Content starts

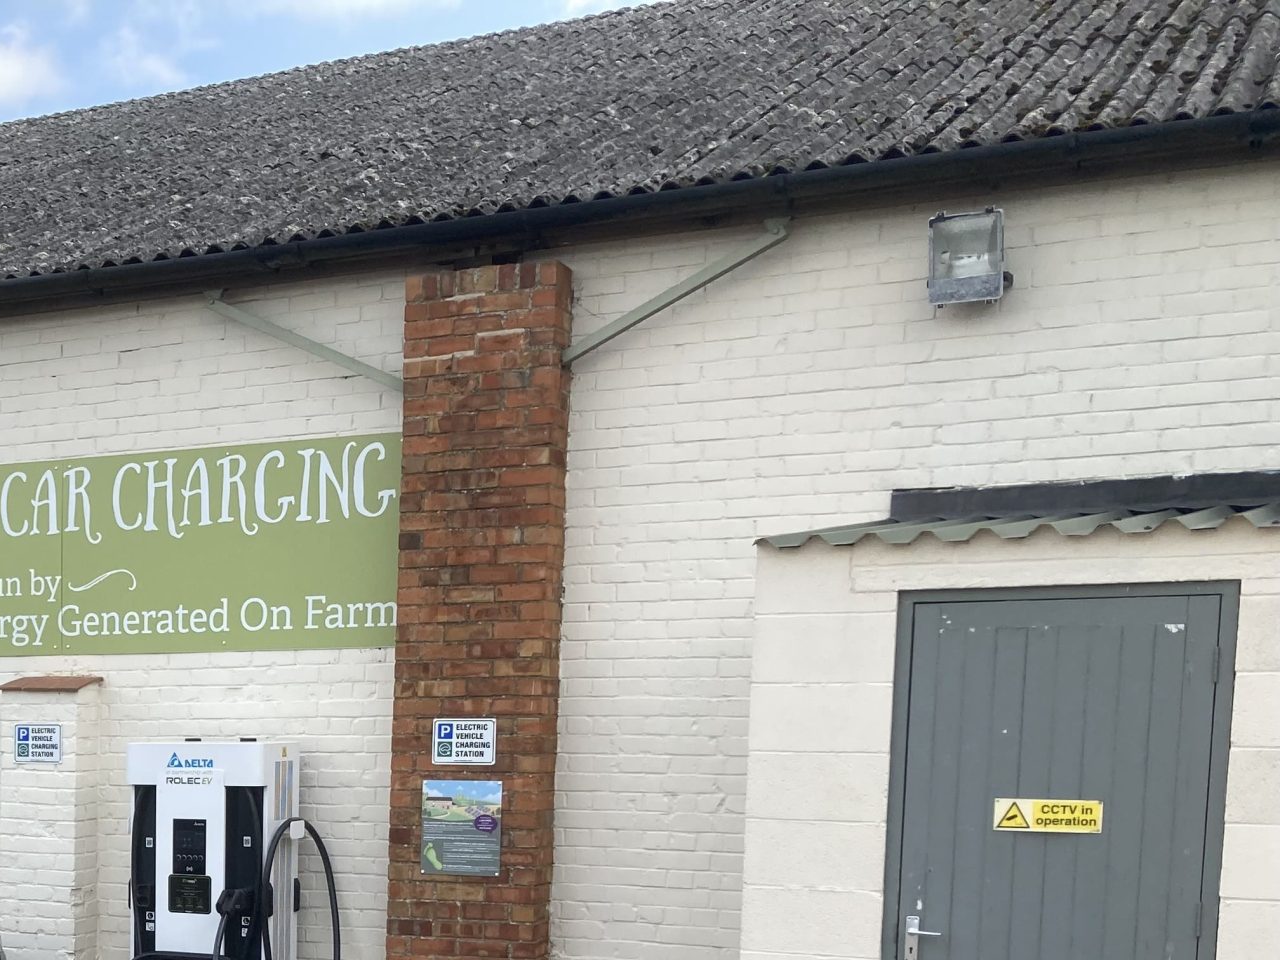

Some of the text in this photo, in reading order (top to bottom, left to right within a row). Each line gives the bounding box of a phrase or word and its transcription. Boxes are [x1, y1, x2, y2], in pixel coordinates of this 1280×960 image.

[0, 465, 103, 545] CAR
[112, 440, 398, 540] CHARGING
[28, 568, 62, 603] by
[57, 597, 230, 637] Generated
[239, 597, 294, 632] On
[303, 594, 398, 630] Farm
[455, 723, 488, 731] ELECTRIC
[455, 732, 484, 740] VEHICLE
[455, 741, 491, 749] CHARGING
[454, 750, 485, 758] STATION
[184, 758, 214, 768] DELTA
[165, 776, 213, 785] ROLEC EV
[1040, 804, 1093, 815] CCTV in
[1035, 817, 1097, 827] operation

Content ends

Omit the pictures and give the material again, exactly and in full.

ANSWER SPACE.
Some of the text in this photo, in reading order (top to bottom, left to right within a row). Each line gives the bounding box of a phrase or word and its transcription. Boxes are [x1, y1, x2, y2], in pixel coordinates of this 1280×960 image.

[0, 465, 103, 545] CAR
[112, 440, 398, 540] CHARGING
[28, 568, 62, 603] by
[57, 597, 230, 637] Generated
[239, 597, 294, 632] On
[303, 594, 398, 630] Farm
[455, 723, 488, 731] ELECTRIC
[455, 732, 484, 740] VEHICLE
[455, 741, 491, 749] CHARGING
[454, 750, 485, 758] STATION
[184, 758, 214, 768] DELTA
[165, 776, 213, 785] ROLEC EV
[1040, 804, 1093, 815] CCTV in
[1035, 817, 1097, 827] operation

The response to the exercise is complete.